Items from a dataset

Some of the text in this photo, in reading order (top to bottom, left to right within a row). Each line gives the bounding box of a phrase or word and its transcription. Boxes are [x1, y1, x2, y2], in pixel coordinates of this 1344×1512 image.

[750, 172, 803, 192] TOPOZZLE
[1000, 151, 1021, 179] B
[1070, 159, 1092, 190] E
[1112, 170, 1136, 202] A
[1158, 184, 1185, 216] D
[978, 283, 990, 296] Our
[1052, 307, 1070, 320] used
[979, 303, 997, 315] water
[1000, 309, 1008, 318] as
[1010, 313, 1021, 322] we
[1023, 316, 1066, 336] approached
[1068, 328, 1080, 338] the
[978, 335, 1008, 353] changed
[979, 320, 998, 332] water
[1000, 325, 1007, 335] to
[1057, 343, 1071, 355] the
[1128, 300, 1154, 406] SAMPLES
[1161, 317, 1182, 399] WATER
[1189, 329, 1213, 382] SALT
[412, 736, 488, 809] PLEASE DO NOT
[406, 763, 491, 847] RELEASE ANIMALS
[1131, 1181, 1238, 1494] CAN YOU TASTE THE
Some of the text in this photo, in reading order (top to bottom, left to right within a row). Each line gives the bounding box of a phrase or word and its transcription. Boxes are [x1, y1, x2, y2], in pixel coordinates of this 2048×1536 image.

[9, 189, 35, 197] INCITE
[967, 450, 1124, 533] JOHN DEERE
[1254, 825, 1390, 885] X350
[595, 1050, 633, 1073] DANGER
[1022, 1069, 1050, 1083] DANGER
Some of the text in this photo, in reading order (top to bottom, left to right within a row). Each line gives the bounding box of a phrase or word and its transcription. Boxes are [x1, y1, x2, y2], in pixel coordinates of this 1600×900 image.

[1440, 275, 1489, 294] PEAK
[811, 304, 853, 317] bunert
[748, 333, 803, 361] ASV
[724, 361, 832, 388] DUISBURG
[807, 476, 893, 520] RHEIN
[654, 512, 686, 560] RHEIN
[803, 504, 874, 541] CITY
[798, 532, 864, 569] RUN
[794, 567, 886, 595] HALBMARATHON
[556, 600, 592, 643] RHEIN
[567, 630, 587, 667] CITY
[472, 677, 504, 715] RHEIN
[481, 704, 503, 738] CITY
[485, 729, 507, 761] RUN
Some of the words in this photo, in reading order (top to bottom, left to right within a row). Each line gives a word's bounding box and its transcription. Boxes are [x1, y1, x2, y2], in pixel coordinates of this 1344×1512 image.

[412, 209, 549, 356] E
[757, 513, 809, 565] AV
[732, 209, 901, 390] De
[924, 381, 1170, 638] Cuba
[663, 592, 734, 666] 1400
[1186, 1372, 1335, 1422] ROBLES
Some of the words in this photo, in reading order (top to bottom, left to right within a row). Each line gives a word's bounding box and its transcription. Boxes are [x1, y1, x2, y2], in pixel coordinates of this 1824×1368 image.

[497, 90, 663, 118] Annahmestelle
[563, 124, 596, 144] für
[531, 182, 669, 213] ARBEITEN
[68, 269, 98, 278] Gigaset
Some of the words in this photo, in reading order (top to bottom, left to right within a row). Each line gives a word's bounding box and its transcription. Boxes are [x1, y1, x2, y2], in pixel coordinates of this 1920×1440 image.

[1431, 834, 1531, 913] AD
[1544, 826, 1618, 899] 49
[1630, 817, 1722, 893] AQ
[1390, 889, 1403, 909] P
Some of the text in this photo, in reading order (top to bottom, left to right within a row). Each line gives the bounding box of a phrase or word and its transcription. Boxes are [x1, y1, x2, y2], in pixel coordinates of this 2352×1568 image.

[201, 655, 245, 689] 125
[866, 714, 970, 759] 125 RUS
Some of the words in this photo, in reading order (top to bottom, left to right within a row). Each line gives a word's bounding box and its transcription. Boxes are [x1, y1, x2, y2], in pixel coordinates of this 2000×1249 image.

▶ _Work item_
Print the line containing "this 1600×900 image.", then every line after it through the last line of the records, each exactly as written; nothing else belongs in the answer.

▶ _Task result_
Some of the text in this photo, in reading order (top to bottom, left to right within a row). Each line gives the bounding box of a phrase or word and its transcription. Boxes are [x1, y1, x2, y2], in pixel coordinates of this 1600×900 image.

[1440, 275, 1489, 294] PEAK
[811, 304, 853, 317] bunert
[748, 333, 803, 361] ASV
[724, 361, 832, 388] DUISBURG
[807, 476, 893, 520] RHEIN
[654, 512, 686, 560] RHEIN
[803, 504, 874, 541] CITY
[798, 532, 864, 569] RUN
[794, 567, 886, 595] HALBMARATHON
[556, 600, 592, 643] RHEIN
[567, 630, 587, 667] CITY
[472, 677, 504, 715] RHEIN
[481, 704, 503, 738] CITY
[485, 729, 507, 761] RUN
Some of the words in this photo, in reading order (top to bottom, left to right within a row). Each line gives a word's bounding box and its transcription. Boxes are [x1, y1, x2, y2], in pixel coordinates of this 1344×1512 image.

[412, 209, 549, 356] E
[757, 513, 809, 565] AV
[732, 209, 901, 390] De
[924, 381, 1170, 638] Cuba
[663, 592, 734, 666] 1400
[1186, 1372, 1335, 1422] ROBLES
Some of the words in this photo, in reading order (top to bottom, left to right within a row). Each line gives a word's bounding box and its transcription. Boxes are [x1, y1, x2, y2], in pixel coordinates of this 1824×1368 image.

[497, 90, 663, 118] Annahmestelle
[563, 124, 596, 144] für
[531, 182, 669, 213] ARBEITEN
[68, 269, 98, 278] Gigaset
Some of the words in this photo, in reading order (top to bottom, left to right within a row). Each line gives a word's bounding box and its transcription. Boxes are [x1, y1, x2, y2], in pixel coordinates of this 1920×1440 image.

[1431, 834, 1531, 913] AD
[1544, 826, 1618, 899] 49
[1630, 817, 1722, 893] AQ
[1390, 889, 1403, 909] P
Some of the text in this photo, in reading order (top to bottom, left to right within a row). Each line gives the bounding box of a phrase or word and its transcription. Boxes are [x1, y1, x2, y2], in pixel coordinates of this 2352×1568 image.

[201, 655, 245, 689] 125
[866, 714, 970, 759] 125 RUS
Some of the words in this photo, in reading order (top to bottom, left to right within a row). Each line gives a word's bounding box and its transcription. Boxes are [x1, y1, x2, y2], in pixel coordinates of this 2000×1249 image.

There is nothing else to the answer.